BCAA induce vasoconstrictor responses through ROS and COX‐2‐derived contractile prostanoids. Representative tracings showing the effect of BCAA (0.2‐10 mmol/L) on contraction of aortic segments in the absence (Control) (A) and in the presence of phenylphrine (Phe) pre‐contraction (B). Quantification of contractile responses (red arrows) is shown in C, together with the effect of gp91dstat, ML171 and mito‐TEMPO on concentration‐response curves to BCAA in aortic segments pre‐contracted with phenylephrine. D, Effect of gp91dstat, ML171, mito‐TEMPO and celecoxib on BCAA‐induced contractile responses in aortic segments incubated with L‐NAME (100 μmol/L, 30 min) without phenylephrine pre‐contraction. Concentration‐response curves to BCAA in aorta without endothelium (E‐) pre‐contracted with phenylephrine (E) or incubated with L‐NAME without phenylephrine pre‐contraction (F).

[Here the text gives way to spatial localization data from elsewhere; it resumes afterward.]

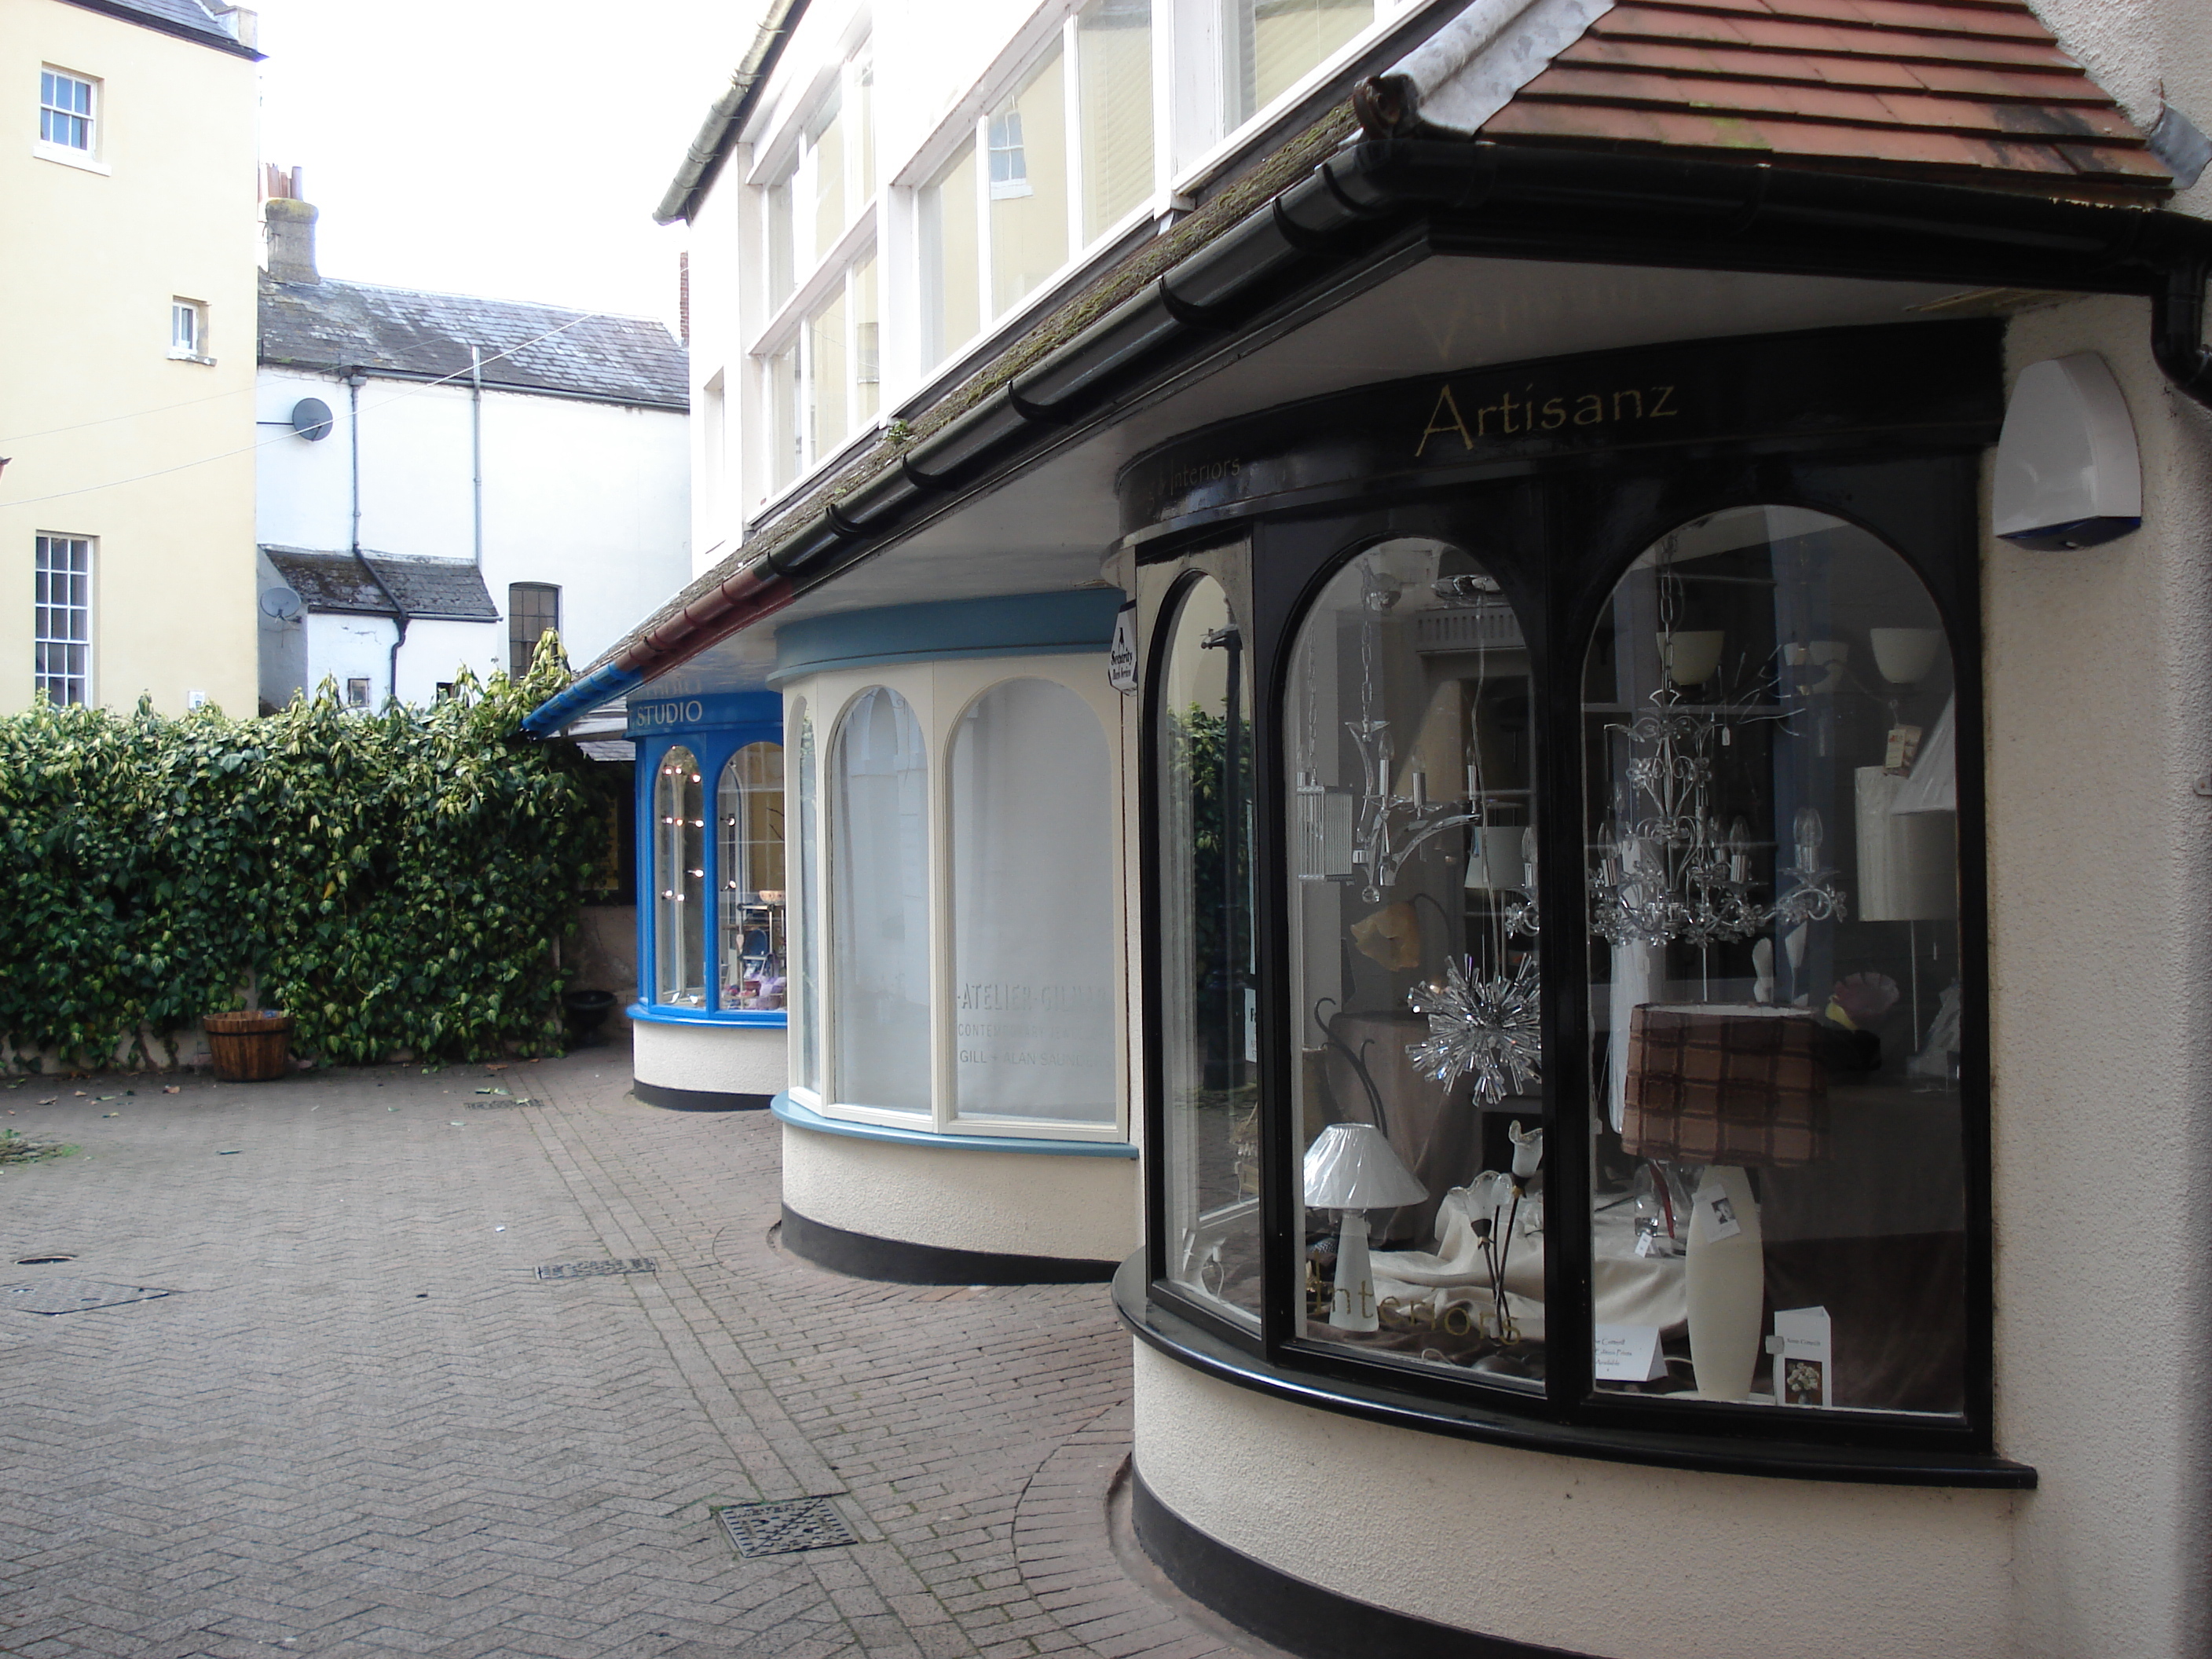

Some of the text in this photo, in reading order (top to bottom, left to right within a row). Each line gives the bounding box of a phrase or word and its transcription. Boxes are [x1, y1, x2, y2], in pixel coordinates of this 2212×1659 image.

[1415, 383, 1679, 458] Artisanz
[1170, 457, 1240, 496] Interiors
[637, 700, 703, 727] STUDIO
[959, 1049, 987, 1064] GILL
[1003, 1051, 1037, 1066] ALAN
[1313, 1251, 1522, 1346] Interiors
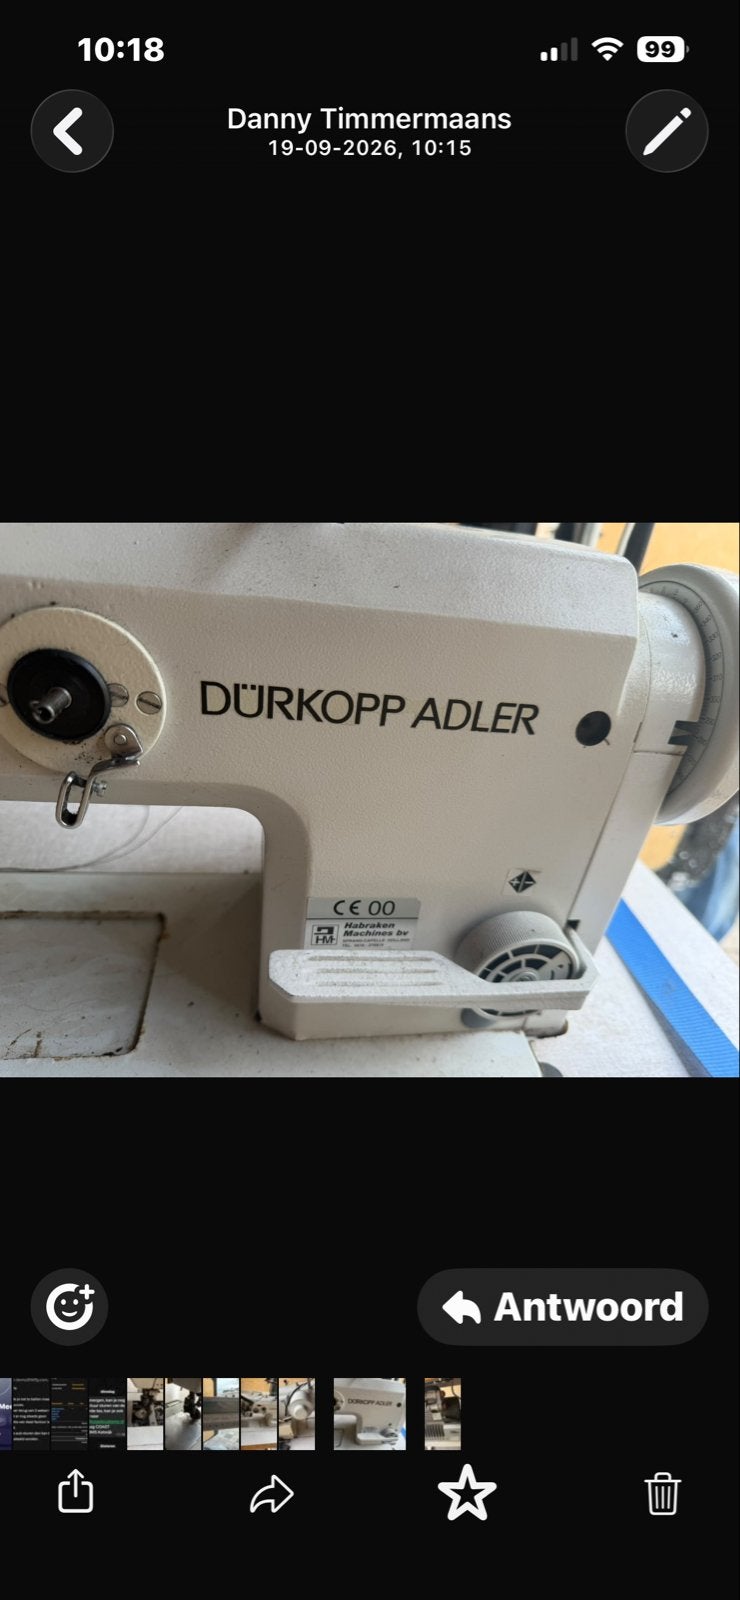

Data represent mean ± SEM. ***< .001 vs Control. < .05; ≠≠ < .01; ≠≠≠ < .001 vs Phe or L‐NAME. n = 7‐10

Endothelium modulates arterial responses to different vasoconstrictors by releasing different vasodilator factors including NO. To determine whether BCAA‐induced contractile response in basal conditions was masked by NO, aortic segments were pre‐incubated with the NOS inhibitor N‐nitro‐l‐arginine methyl ester (L‐NAME) before BCAA concentration‐response curve. As shown in Figure 5D, L‐NAME potentiated BCAA‐induced contractile responses. Interestingly, in the presence of L‐NAME, BCAA‐induced contractile responses were significantly diminished by gp91‐dstat, ML171 and mito‐TEMPO, again suggesting that BCAA induces vasoconstrictor responses through NADPH oxidase and mitochondria‐derived ROS (Figure 5D). Additionally, COX‐2‐derived contractile prostanoids could also participate in BCAA‐induced contraction, as its selective inhibitor celecoxib decreased BCAA contractile responses in the presence of L‐NAME (Figure 5D). A possible effect due to osmotic pressure was excluded as the inactive enantiomers D‐BCAA did not induce contractile responses in aorta pre‐contracted with a submaximal concentration of phenylephrine or when pre‐incubated with the NOS inhibitor L‐NAME (data not shown).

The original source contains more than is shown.